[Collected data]

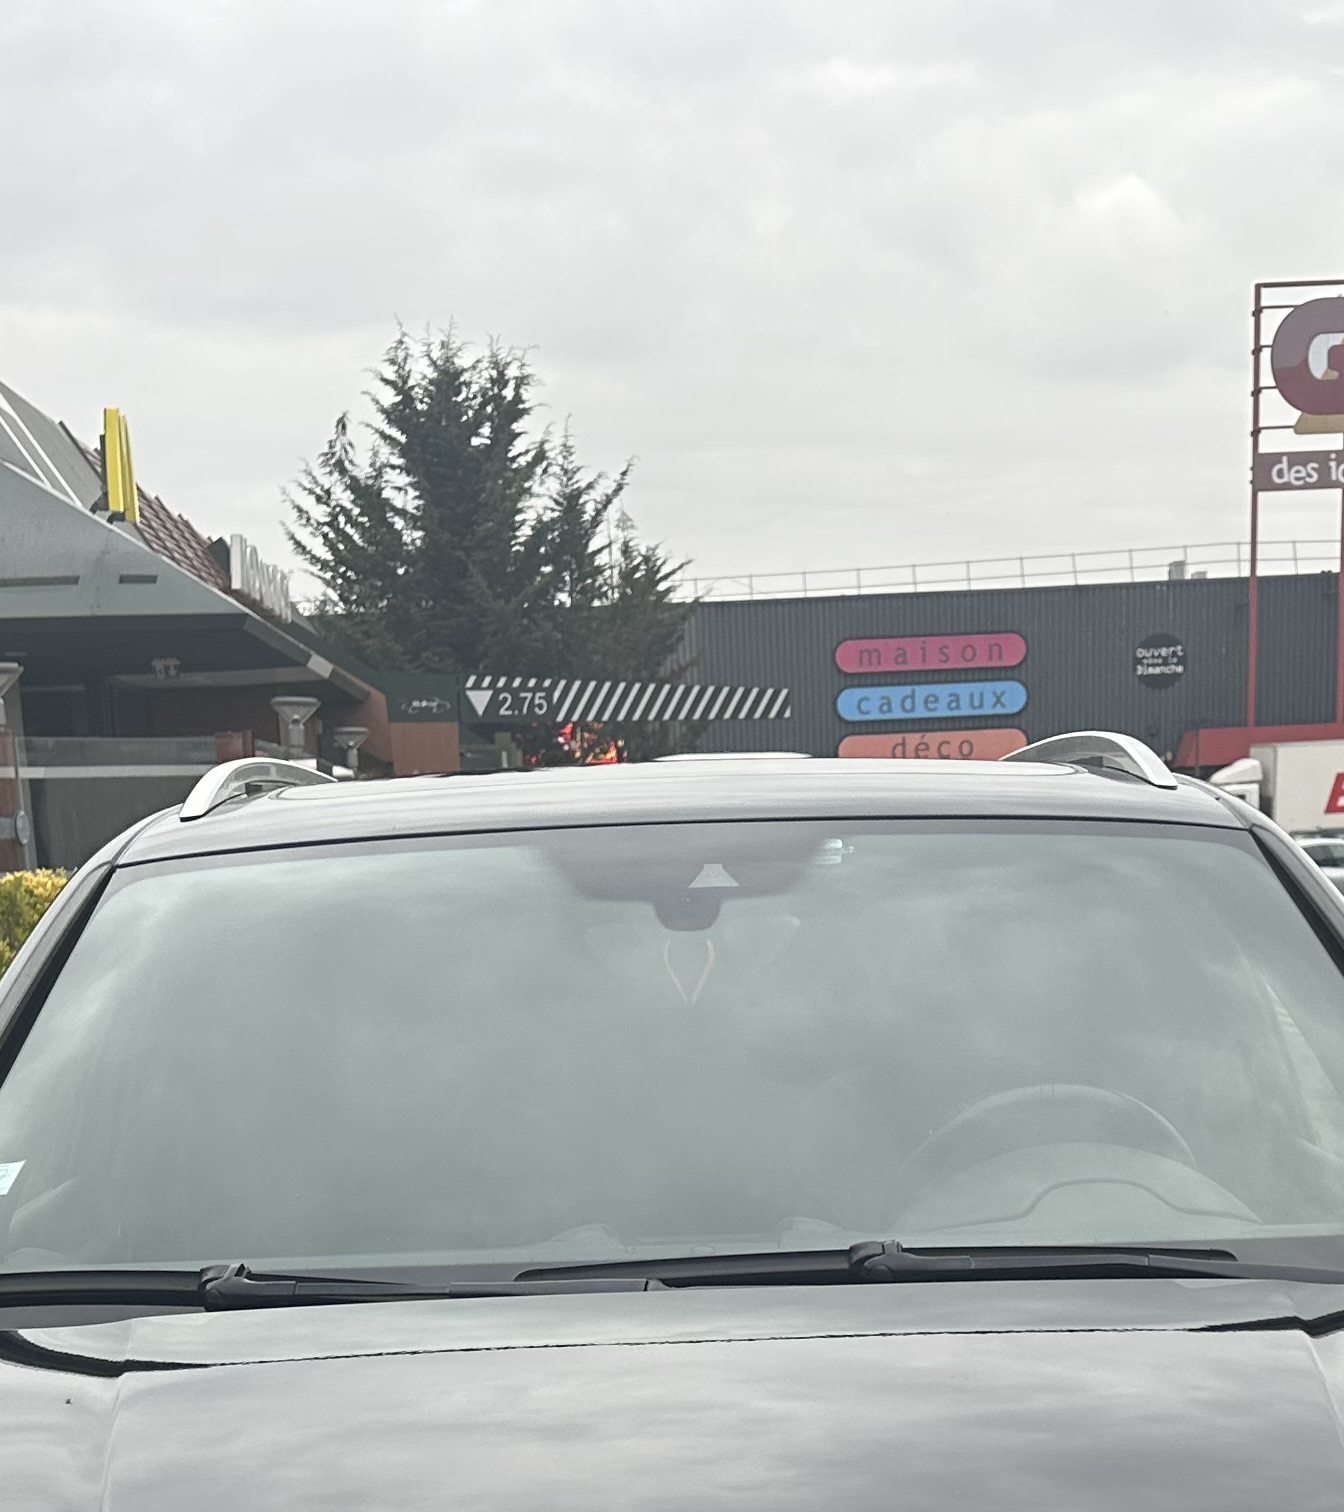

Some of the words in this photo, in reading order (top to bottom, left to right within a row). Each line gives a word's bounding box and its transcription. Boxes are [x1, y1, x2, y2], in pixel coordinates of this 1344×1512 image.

[1271, 456, 1319, 485] des
[858, 641, 1004, 668] maison
[1136, 644, 1184, 658] ouvert
[498, 691, 548, 716] 2.75
[856, 688, 1007, 716] cadeaux
[892, 734, 975, 759] déco
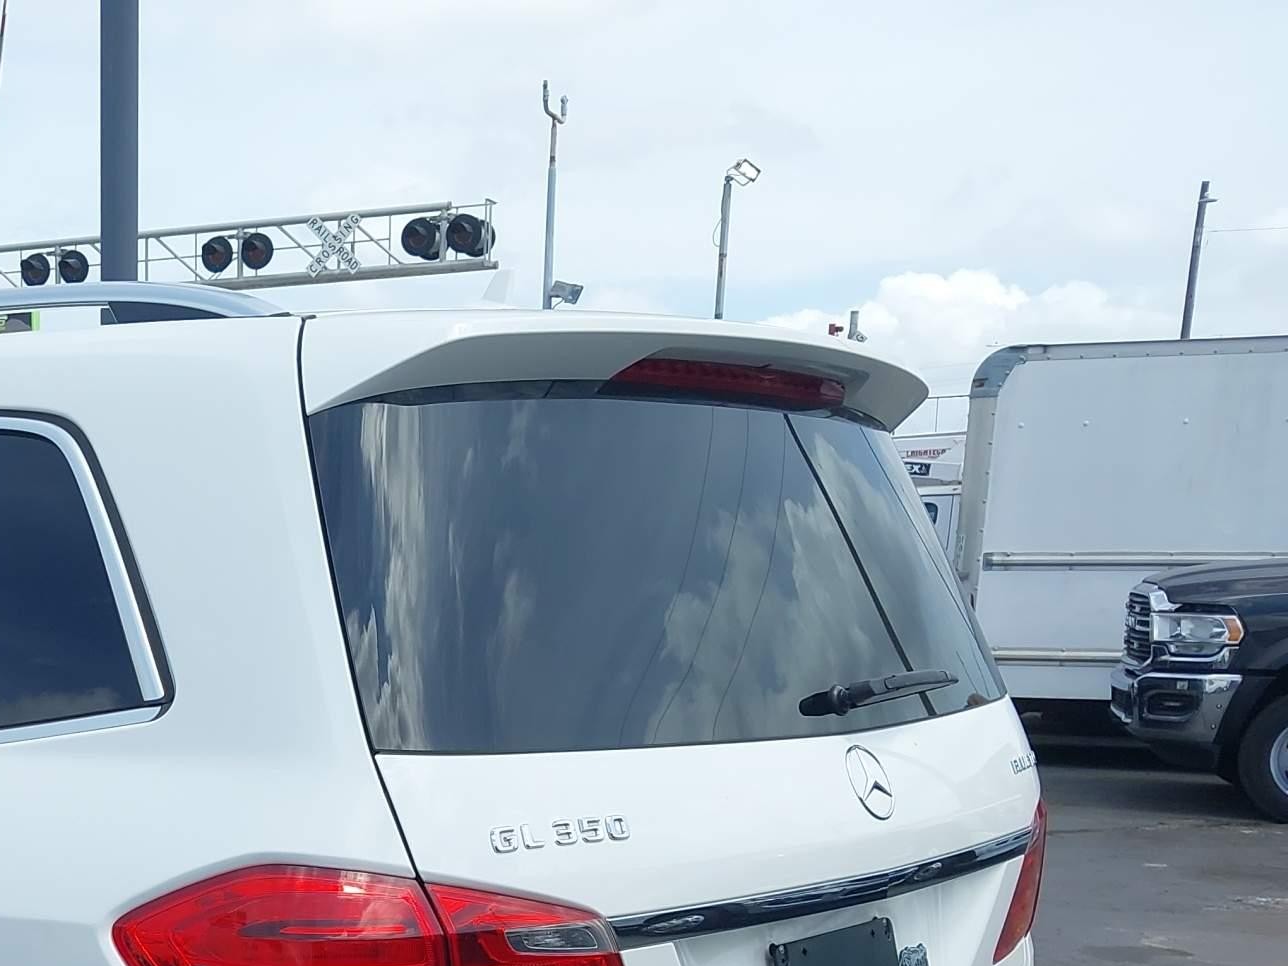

THE TASK - A verbatim printout of the entries above is expected, free of pictures.

ANSWER AREA -
Some of the words in this photo, in reading order (top to bottom, left to right within a row). Each line gives a word's bounding box and its transcription. Boxes are [x1, y1, x2, y2], in pixel coordinates of this 1344×1512 image.

[1271, 456, 1319, 485] des
[858, 641, 1004, 668] maison
[1136, 644, 1184, 658] ouvert
[498, 691, 548, 716] 2.75
[856, 688, 1007, 716] cadeaux
[892, 734, 975, 759] déco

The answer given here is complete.